Die Standards passt das Analysehaus hierbei regelmäßig an. „Für das nächste Update der Marktstandards werden wir erneut prüfen, ob es nicht an der Zeit und sinnvoll ist, dass eine oder andere Kriterium auszutauschen. Teilzeitregelung, Verlängerungsoption oder Krebshilfen u. ä. könnten sich dabei anbieten. Möglicherweise kommt dann auch wieder ein wenig Bewegung in die Marktstandards“, gab Jörg Schulz, Geschäftsführer bei infinma, einen Ausblick auf die Zukunft.

In der aktuellen Auswertung hat sich im Vergleich zum Vorjahr nicht viel bewegt. Damals erfüllten 41 von 73 BU-Versicherern die Marktstandards von infinma. Anno 2023 sind es 42 von 72 BU-Versicherern. Auch bei den geprüften Tarifen hat sich wenig verändert. Erreichten 2022 noch 52,3 Prozent der Tarife die angesetzten Normen, sind es aktuell 55,6 Prozent der Tarife. Die Qualität der Bedingungen bleibe in der Breite relativ hoch. Unterschiede in den Produkten seien vor allem in den Detailregelungen zu einzelnen Kriterien zu finden. Dann ginge es beispielsweise darum, wie lange Leistungen wegen Arbeitsunfähigkeit erbracht werden oder für welche Personengruppen auf die Umorganisation des Arbeitsplatzes verzichtet wird.

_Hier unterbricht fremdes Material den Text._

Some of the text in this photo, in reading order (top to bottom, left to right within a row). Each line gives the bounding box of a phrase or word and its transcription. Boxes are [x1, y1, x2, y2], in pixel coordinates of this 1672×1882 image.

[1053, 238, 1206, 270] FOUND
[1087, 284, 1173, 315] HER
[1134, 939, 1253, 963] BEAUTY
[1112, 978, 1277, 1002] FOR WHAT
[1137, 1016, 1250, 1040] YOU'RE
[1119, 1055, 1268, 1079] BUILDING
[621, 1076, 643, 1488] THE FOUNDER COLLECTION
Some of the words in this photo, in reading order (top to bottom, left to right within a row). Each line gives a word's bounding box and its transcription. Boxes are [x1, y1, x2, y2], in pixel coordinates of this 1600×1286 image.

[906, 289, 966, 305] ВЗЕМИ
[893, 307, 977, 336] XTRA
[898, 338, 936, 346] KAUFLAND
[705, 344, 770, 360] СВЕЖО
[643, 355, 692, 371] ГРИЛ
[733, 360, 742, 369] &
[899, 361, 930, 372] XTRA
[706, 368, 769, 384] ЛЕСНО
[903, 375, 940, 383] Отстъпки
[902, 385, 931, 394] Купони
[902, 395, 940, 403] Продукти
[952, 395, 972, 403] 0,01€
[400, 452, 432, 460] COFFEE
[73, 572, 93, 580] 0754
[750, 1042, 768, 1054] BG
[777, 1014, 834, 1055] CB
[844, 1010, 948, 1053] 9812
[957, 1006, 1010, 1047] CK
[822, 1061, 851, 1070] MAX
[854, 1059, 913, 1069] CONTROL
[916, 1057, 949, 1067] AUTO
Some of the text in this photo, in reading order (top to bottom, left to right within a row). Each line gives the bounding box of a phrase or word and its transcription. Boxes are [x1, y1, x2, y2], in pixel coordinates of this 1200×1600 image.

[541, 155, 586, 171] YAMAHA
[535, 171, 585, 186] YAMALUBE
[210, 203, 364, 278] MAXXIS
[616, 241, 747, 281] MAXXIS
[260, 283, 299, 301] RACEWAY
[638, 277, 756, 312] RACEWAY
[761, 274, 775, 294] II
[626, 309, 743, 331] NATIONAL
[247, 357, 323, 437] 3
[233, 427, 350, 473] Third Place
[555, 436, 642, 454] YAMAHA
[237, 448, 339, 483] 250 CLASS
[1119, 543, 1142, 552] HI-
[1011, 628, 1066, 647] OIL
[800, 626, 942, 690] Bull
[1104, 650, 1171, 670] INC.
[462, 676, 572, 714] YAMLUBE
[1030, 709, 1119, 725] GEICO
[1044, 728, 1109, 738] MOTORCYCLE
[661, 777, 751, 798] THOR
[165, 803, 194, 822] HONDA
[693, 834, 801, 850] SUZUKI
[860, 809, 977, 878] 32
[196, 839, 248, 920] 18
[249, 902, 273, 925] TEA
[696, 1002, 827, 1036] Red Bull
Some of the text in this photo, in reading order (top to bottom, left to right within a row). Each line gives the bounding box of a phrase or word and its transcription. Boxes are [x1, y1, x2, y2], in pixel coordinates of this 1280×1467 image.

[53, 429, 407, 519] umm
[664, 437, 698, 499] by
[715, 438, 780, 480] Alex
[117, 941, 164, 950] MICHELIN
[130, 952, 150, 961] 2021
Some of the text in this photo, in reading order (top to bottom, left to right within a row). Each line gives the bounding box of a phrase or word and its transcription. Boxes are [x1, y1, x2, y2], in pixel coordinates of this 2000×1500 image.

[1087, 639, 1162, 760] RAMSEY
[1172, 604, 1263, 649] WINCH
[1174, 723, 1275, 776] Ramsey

„Schon bei der letzten Untersuchung der BU-Marktstandards hatten wir vom Konkurrenzdruck durch die Grundfähigkeitsversicherung gesprochen. Inzwischen scheint die BU in vielen Häusern in den Winterschlaf gegangen zu sein; aktuell erschöpfen sich die Anstrengungen der Versicherer vermeintlich auf immer neue Prämiensenkungen und das „Erfinden“ neuer Berufsbilder.“, kommentierte Schulz die aktuellen Ergebnisse.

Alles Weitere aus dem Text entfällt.